I could feel myself getting exasperated. "I don't have all the answers, Tillie! I'm just telling you it's possible that he had some little tootsie stashed over here. Maybe it was Pat."
She didn't say a word. She just put her glasses back on and started stuffing the mountain with cotton, making it bulge like Mount St. Helens before it blew.
"Can I have the key to the apartment upstairs?"
"Of course," she said. "I'll go too."
She put down her needlework and went over to the secretary, taking a set of keys out of the drawer. She handed me a bunch of bills while she was at it and I stuffed them in the back pocket of my jeans. It reminded me vaguely of something, but I couldn't think what.
She locked her apartment and we headed for the elevator.
"You haven't heard anyone walking around overhead?"

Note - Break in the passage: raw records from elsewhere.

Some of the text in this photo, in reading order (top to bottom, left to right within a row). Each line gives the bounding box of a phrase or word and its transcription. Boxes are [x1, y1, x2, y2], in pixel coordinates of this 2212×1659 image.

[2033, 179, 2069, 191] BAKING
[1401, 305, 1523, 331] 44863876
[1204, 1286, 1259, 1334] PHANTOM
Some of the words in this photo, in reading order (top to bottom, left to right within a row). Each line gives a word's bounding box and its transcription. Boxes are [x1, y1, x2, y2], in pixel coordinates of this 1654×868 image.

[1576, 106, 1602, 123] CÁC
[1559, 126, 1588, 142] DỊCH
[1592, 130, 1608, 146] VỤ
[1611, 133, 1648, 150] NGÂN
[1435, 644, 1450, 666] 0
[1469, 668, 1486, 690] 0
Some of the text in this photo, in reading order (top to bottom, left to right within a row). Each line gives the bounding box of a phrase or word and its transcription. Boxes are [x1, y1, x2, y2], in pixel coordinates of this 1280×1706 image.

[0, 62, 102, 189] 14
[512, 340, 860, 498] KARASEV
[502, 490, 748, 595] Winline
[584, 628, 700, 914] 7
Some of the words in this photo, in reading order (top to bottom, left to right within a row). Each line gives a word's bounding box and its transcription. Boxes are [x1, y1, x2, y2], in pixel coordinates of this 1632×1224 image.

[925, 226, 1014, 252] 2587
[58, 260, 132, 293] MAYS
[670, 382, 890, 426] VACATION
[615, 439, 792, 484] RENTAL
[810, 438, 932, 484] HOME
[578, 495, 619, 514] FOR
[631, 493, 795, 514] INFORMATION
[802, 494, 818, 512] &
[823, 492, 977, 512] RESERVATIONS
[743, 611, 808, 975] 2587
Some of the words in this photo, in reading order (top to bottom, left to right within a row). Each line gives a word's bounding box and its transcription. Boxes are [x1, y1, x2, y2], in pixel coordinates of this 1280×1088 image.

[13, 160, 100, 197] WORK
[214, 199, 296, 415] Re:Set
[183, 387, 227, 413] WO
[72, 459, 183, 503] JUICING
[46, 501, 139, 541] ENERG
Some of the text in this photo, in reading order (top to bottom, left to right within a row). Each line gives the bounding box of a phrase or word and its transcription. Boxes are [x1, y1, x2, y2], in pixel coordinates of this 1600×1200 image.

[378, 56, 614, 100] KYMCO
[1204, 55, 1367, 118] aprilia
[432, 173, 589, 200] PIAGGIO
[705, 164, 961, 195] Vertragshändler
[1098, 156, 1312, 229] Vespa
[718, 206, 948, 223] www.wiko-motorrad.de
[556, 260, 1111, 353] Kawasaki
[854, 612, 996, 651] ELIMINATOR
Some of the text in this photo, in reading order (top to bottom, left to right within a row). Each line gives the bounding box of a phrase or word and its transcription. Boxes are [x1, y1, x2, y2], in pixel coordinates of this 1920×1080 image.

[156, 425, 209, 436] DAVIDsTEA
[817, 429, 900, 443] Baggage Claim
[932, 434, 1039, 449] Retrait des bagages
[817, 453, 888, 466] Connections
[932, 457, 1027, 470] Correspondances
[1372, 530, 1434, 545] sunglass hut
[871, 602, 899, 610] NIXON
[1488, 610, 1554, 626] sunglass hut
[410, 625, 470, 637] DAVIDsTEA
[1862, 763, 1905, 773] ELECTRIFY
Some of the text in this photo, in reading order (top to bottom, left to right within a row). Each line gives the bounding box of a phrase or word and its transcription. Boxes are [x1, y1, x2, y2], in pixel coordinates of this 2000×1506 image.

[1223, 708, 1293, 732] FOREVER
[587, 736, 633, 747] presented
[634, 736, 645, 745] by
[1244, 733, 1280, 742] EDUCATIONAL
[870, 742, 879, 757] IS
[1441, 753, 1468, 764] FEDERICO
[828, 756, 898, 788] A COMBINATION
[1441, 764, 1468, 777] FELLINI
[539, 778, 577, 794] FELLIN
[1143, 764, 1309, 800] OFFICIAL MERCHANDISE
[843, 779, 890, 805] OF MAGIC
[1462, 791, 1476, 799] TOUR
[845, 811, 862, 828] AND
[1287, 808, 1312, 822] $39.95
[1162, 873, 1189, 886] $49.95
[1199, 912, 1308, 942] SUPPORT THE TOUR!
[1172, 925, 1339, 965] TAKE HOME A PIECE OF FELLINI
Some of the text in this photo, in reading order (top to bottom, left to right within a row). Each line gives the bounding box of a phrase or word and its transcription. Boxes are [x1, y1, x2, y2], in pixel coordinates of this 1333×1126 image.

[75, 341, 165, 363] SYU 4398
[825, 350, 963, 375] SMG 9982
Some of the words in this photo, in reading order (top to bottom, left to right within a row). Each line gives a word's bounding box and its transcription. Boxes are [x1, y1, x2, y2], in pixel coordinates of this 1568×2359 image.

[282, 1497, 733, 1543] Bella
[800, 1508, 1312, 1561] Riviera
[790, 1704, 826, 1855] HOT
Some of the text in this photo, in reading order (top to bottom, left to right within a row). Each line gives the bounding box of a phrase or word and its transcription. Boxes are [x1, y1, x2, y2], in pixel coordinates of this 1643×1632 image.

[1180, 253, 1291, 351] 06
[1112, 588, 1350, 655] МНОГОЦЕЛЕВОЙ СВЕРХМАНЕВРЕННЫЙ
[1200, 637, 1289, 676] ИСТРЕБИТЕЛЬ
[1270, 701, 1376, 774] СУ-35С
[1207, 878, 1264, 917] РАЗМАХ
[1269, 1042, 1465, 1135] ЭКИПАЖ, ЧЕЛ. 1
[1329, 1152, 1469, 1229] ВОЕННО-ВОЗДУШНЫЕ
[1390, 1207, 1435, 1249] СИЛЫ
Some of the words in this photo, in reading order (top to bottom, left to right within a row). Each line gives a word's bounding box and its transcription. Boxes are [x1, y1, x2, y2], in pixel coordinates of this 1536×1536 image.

She looked back at me. "Not at all, but this place is well built and someone could be upstairs without my hearing them. You really believe he was keeping someone up there?"
"It does make sense," I said. "With Elaine off the scene, it's a perfect little love nest. Maybe Pat Usher found a way to get in. I'm sure she's somewhere here in town. If she had access to Elaine's place in Florida, why not this one too? By the way, were you here Sunday night?"
She shook her head. "I was at a church social and didn't get home until shortly after ten."
The elevator door opened at the second floor and Tillie moved down the corridor to the left, talking to me over her shoulder. She reached Elaine's front door and turned the key in the lock.
"I can't believe anyone's been here," she said as we went in.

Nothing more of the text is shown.